Hideaki Kumazawa, a former top bureaucrat at the farm ministry, was indicted Friday for the murder of his 44-year-old son at their home in Tokyo.
According to the indictment, the 76-year-old stabbed Eiichiro Kumazawa in the neck multiple times around 3:15 p.m. on June 1 and then called the police to say he had fatally stabbed his son, who later died in hospital due to massive blood loss.
Hideaki Kumazawa later explained that his action was prompted by fear his son might harm children, seeing similarities with the case of Ryuichi Iwasaki, who stabbed a group of school children with a knife earlier that week, according to investigative sources.
He heard his son say he would "kill" students when he became incensed by the noise from an athletic meet at an elementary school near their home, according to the sources.
The man said his son was socially withdrawn and had exhibited violent behavior toward him and his wife.

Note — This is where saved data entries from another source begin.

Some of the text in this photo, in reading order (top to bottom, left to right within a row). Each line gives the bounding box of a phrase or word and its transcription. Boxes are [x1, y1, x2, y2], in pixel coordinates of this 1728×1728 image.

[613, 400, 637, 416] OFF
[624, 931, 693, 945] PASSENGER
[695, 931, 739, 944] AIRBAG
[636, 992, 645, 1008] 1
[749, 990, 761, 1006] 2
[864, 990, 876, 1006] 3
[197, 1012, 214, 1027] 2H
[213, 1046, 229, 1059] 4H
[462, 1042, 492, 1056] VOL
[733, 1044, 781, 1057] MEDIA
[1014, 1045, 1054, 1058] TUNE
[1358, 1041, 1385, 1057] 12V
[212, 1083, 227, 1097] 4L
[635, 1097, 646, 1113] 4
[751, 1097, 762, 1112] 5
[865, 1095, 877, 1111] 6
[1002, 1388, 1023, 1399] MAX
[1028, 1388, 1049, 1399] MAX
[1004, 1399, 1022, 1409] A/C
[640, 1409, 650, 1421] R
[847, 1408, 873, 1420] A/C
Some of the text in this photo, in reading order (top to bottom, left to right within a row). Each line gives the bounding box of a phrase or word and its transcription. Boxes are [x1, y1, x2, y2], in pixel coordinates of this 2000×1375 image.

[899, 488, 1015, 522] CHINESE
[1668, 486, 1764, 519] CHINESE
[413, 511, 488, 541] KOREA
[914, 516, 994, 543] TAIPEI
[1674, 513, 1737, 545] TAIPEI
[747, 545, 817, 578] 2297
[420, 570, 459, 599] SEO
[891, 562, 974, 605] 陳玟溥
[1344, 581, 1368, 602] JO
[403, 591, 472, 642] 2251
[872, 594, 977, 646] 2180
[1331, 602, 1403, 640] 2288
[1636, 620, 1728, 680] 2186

Iwasaki, who stabbed Caritas Elementary School students and a parent in Kawasaki near Tokyo on May 28, hardly left his home in which he lived with his aunt and uncle, according to officials of the city's mental health and welfare center.
A graduate of the University of Tokyo, Hideaki Kumazawa joined the predecessor of the farm ministry in 1967 and became its vice minister in 2001.
He stepped down the following year amid criticism over the ministry's handling of mad cow disease.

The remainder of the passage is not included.